Seems like there are two classes of patches:

1. Author is testing out a puppet change they intend to merge
2. Fixing beta so it works again

The former can be removed via an automated process every 7 days. The later should adhere to some convention so it's not accidentally removed, but can still have some automated alerting for folks relevant to the fix (not necessarily the patch author). What do you think of that @Krinkle?

I don't think we need to tolerate "fixing beta" patches in local state for more than 7 days, either. It can either be reverted similarly if the broken state isn't too bad, or submitted to Gerrit and either merged there with a minimal logic branch (e.g. ternary condition) or addressed "properly" for some definition of properly.

The existing five (Oct 2023) three (Dec 2023) two (Feb 2024) patches we have we can deal with separately, but this is about no longer introducing new such patches in a lasting manner. For production we tolerate this for seconds at the most, if ever. 7-days seems like a long enough period of time to express that Beta is of lower priority to figure out the appropiate short-term solution in a way that is still within the Puppet repo instead of outside of it.

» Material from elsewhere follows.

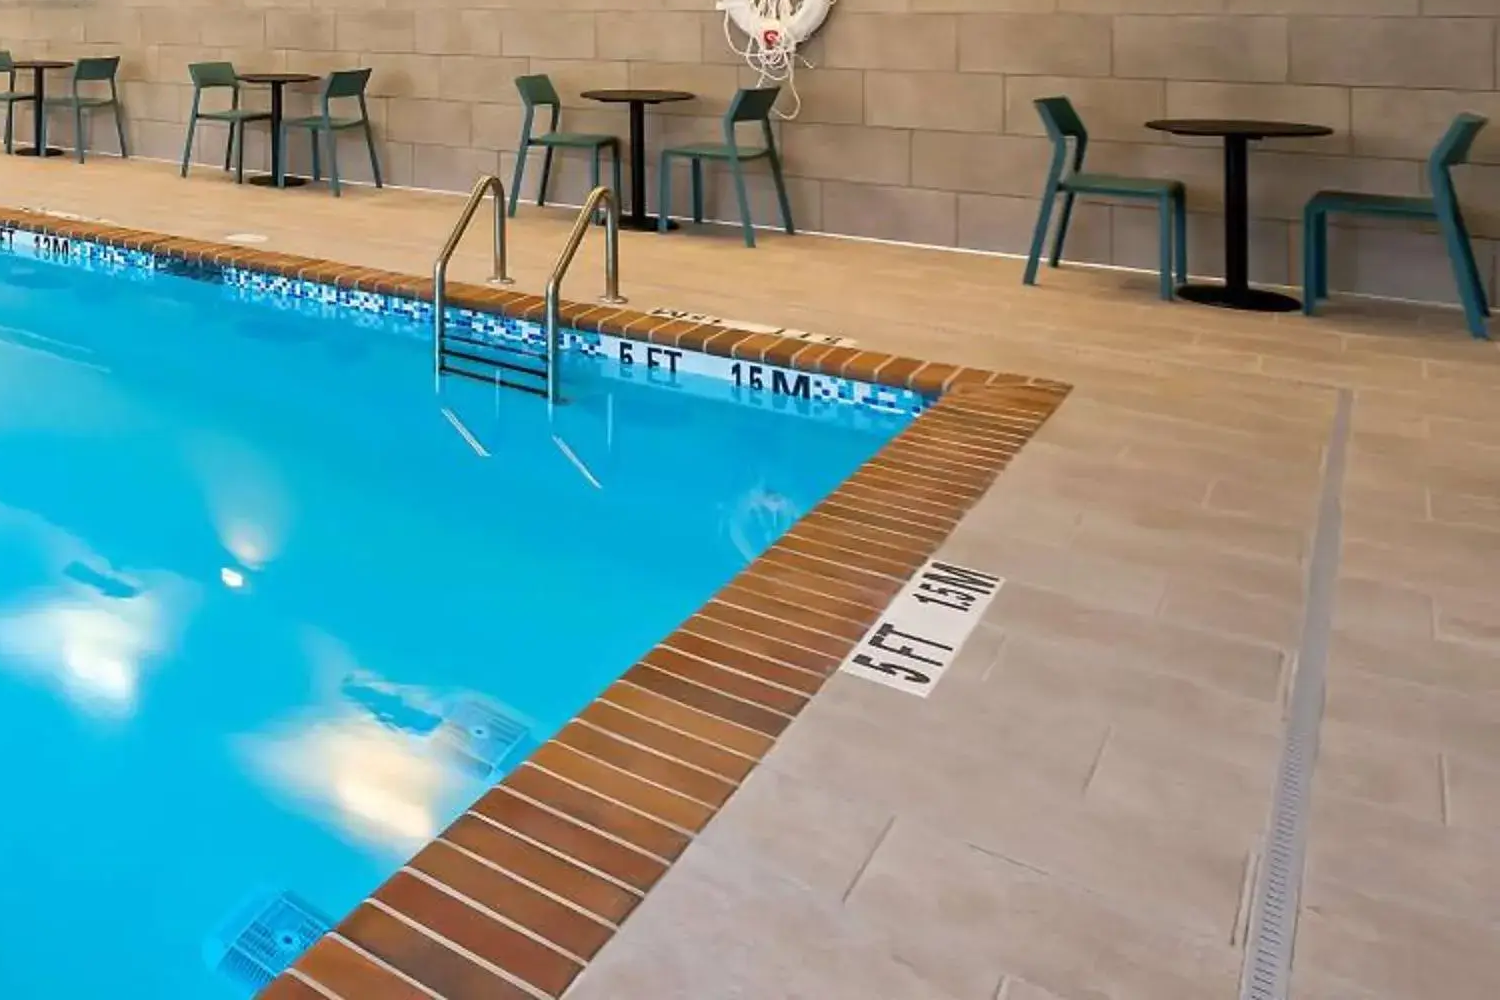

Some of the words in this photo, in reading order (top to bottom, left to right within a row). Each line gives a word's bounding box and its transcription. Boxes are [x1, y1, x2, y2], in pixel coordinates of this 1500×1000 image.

[619, 341, 633, 365] 5
[647, 347, 682, 373] FT
[867, 622, 954, 667] FT
[851, 653, 931, 685] 5

The point being that tolerating it longer, means we tolerate other people dealing with the undocumented and divergent state and rebasing changes to areas they're not familiar with. If we tolerate that, I don't see the point of having the policy.

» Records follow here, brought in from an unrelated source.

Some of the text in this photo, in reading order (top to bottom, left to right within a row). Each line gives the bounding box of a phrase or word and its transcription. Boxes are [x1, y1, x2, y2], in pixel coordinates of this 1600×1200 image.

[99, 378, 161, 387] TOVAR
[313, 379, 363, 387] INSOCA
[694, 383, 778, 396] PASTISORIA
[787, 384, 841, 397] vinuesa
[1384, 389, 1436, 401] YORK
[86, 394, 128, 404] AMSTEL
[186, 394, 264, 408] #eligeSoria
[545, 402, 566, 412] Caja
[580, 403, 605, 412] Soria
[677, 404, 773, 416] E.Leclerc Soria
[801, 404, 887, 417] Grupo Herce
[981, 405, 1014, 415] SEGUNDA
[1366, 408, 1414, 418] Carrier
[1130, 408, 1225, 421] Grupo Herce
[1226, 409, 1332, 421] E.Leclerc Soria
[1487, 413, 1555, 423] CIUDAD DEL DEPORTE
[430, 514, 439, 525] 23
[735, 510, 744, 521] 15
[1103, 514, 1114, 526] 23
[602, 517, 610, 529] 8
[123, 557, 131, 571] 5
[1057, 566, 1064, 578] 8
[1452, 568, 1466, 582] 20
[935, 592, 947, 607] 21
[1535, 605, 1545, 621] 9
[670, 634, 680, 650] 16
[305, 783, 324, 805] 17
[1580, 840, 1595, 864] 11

In other words: I agree of course that they have wildely different reasons and impact, but the end result and motivation for the policy is exactly the same. Don't require other people to clean up the mess. And if a mess does happen, deal with it in a minimum viable manner within 7 days. This usually just means reaching out to relevant folks on IRC or Ops-l and asking for a review or puppet deploy window. There's afaik nothing inherent about these kinds of hacks that makes them unmergable, its just that nobody tries or is expected to.

Post-poning this inevitable work incurs expontential costs on everyone else. And unlike other tech debt, these hacks tend not to get go away on their own, i.e. there isn't a % chance where if we ignore it long enough it'll somehow solve itself.